Your output should be everything below from the line containing "this 1600×1066 image." down to the line containing "this 1200×1600 image.", both ends included, copied exactly, with pictures left out.

START Input for this task

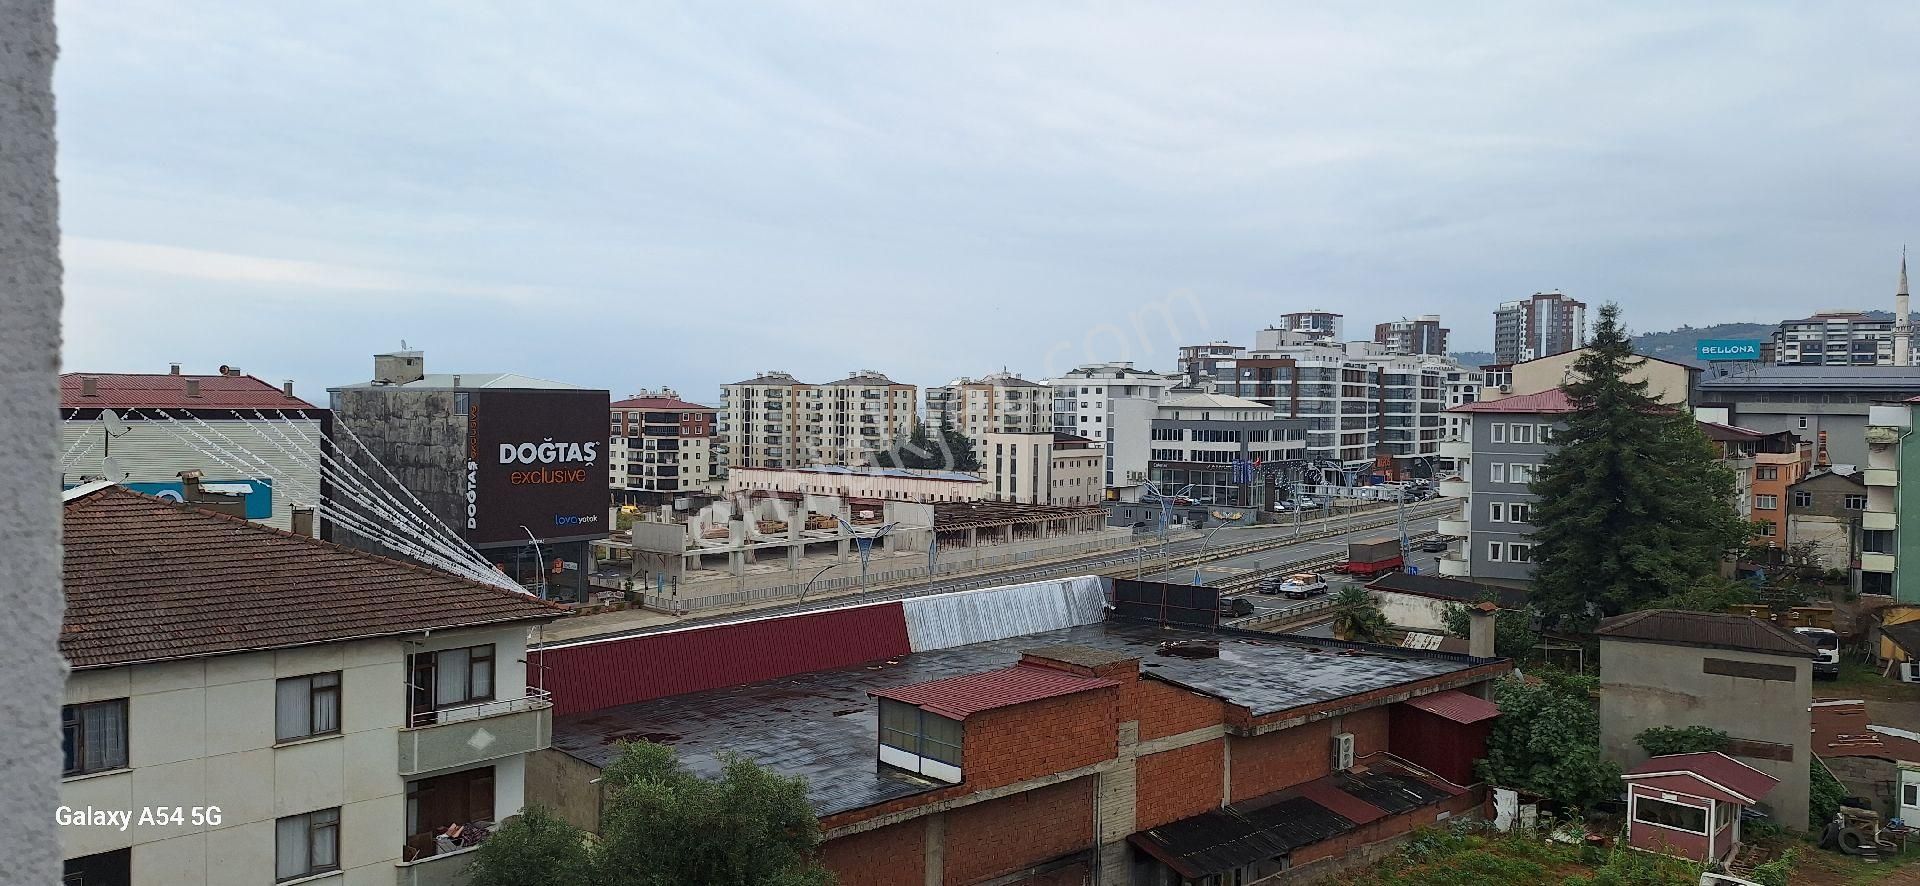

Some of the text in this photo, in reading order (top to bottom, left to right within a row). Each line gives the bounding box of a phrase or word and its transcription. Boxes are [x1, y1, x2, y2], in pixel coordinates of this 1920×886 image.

END Input for this task
START Input for this task

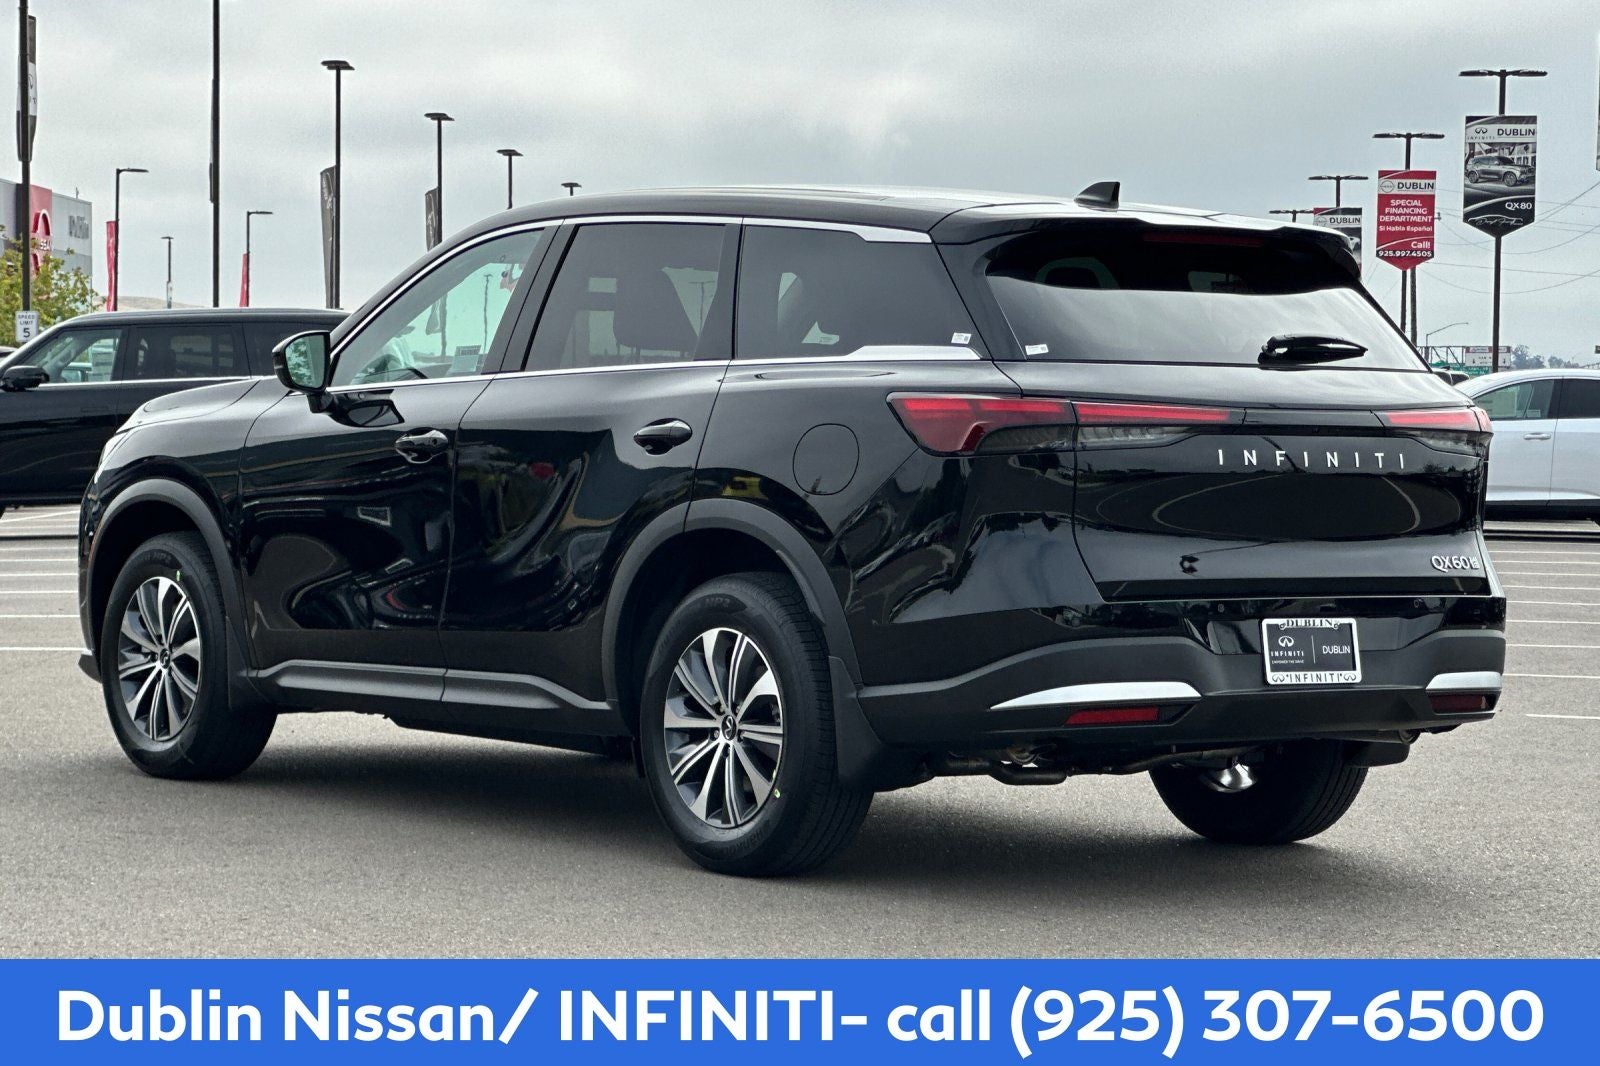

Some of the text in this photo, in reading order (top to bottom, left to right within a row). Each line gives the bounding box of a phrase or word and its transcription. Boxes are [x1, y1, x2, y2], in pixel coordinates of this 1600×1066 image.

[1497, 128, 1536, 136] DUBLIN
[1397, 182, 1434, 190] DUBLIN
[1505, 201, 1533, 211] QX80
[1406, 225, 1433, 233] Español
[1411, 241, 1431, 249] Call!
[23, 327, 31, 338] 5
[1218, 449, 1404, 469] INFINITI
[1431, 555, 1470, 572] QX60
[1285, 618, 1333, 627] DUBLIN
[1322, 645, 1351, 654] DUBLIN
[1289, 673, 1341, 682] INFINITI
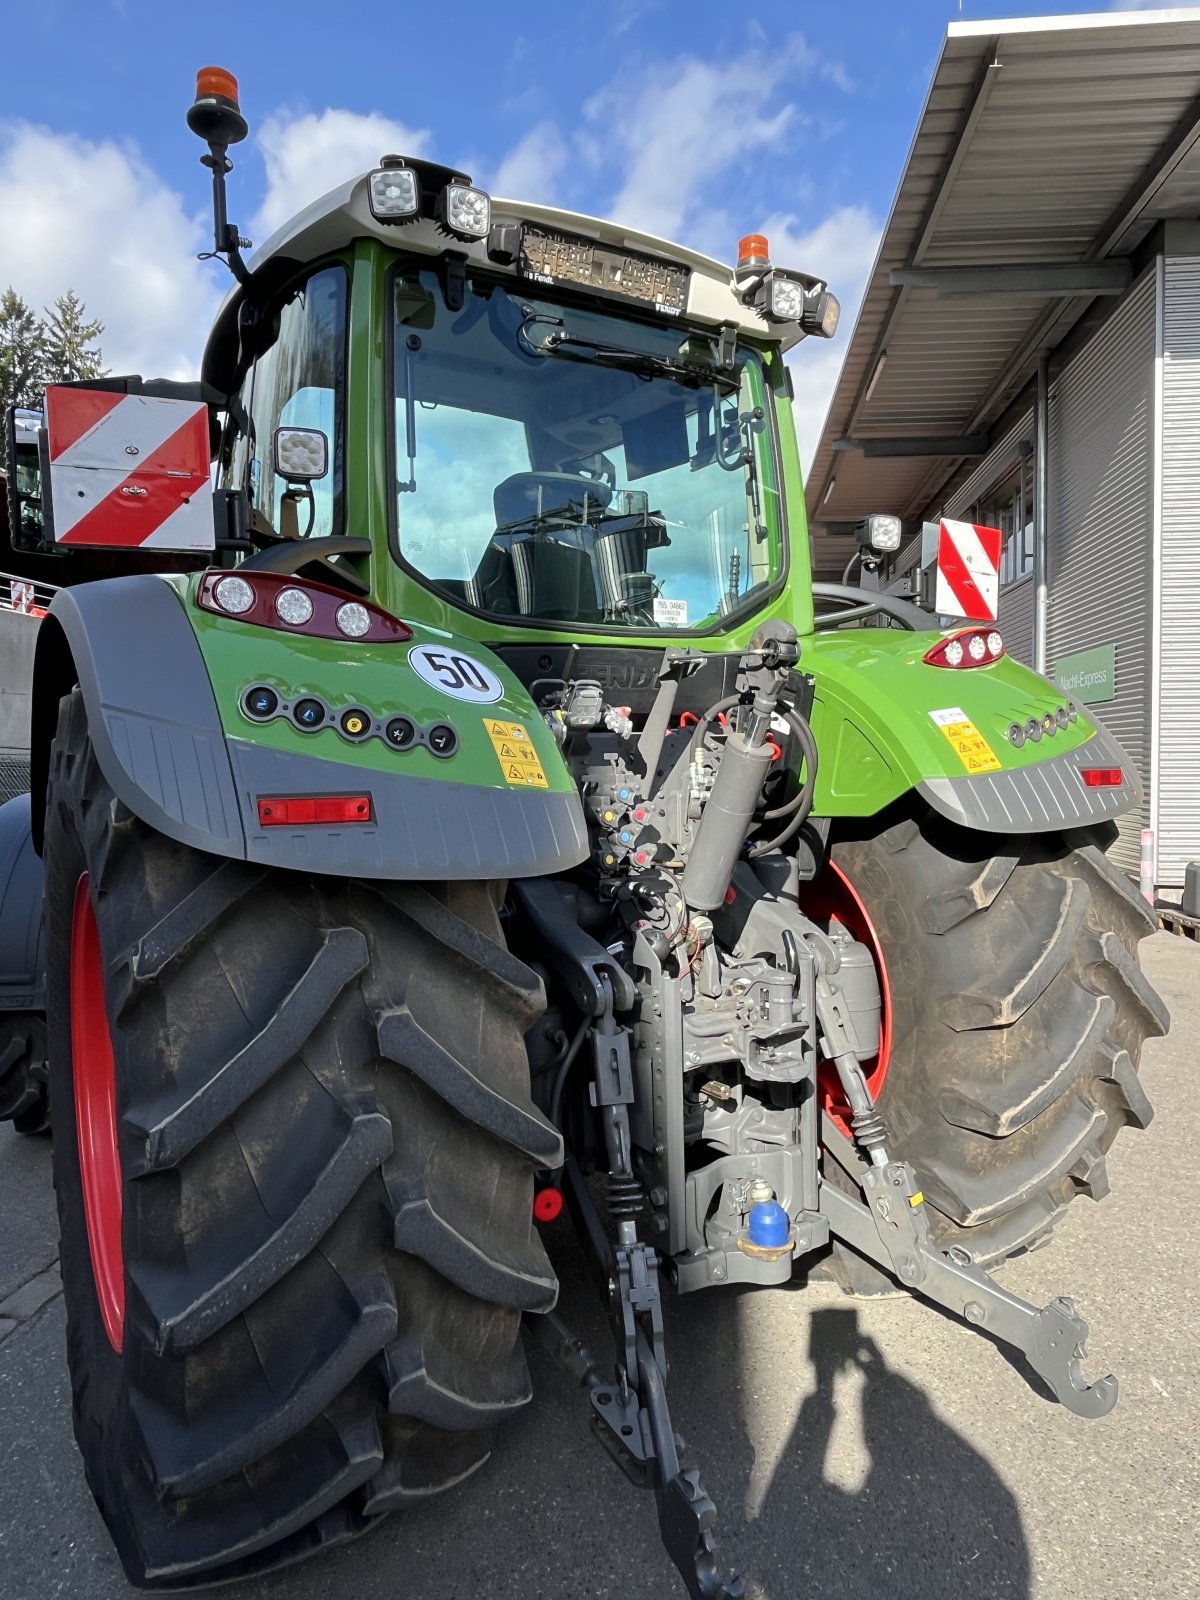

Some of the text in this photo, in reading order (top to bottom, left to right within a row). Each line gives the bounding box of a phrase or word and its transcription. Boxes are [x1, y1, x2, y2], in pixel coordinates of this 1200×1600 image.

END Input for this task

Output of the exercise.
Some of the text in this photo, in reading order (top to bottom, left to right within a row). Each line gives the bounding box of a phrase or word and its transcription. Boxes are [x1, y1, x2, y2], in pixel coordinates of this 1600×1066 image.

[1497, 128, 1536, 136] DUBLIN
[1397, 182, 1434, 190] DUBLIN
[1505, 201, 1533, 211] QX80
[1406, 225, 1433, 233] Español
[1411, 241, 1431, 249] Call!
[23, 327, 31, 338] 5
[1218, 449, 1404, 469] INFINITI
[1431, 555, 1470, 572] QX60
[1285, 618, 1333, 627] DUBLIN
[1322, 645, 1351, 654] DUBLIN
[1289, 673, 1341, 682] INFINITI

Some of the text in this photo, in reading order (top to bottom, left to right within a row). Each line gives the bounding box of a phrase or word and its transcription. Boxes are [x1, y1, x2, y2], in pixel coordinates of this 1200×1600 image.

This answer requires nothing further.